Beloved and contemplated by philosophers, architects, writers, and literary theorists alike, Bachelard’s lyrical, landmark work examines the places in which we place our conscious and unconscious thoughts and guides us through a stream of cerebral meditations on poetry, art, and the blooming of consciousness itself.
Houses and rooms; cellars and attics; drawers, chests and wardrobes; nests and shells; nooks and corners: no space is too vast or too small to be filled by our thoughts and our reveries. (from Goodreads)
While I was researching about dollhouses for my art project, this book was referenced in an article, so I thought it might be worth to read and use in my project. The author researches in poetry and, sometimes, narrative, images about different types of spaces to explain what sentiments and experiences these spaces generate to people. I’m not sure of I’m making any sense…

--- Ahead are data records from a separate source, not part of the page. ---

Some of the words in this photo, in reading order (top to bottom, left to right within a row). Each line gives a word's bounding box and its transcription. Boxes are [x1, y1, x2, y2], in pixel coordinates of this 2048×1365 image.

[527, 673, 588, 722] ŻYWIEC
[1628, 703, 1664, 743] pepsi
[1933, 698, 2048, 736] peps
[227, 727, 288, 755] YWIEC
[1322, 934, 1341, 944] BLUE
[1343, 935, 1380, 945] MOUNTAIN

I’ve been dragging this book since mid-2018. Not that I didn’t like it, it just wasn’t my type of preferred reading. I started it very enthusiastically, and eventually just prioritized other things and the book was left forgotten. Since I’m finishing my project, I wanted to finish it so I could began writing my piece.
In itself it’s a beatiful work. It introduced me to some authors I might like to read more about, and my edition had the extracted fragments of poetry in its original French (translated to Spanish below), so it was an interesting excercise to step up my neglected French a bit.
I can’t think of anyone right now I would recommend this book, as it’s not a reading for everybody, it being mostly philosofical about poetry and spaces, but I’m sure I’ll eventually find someone to pass it along.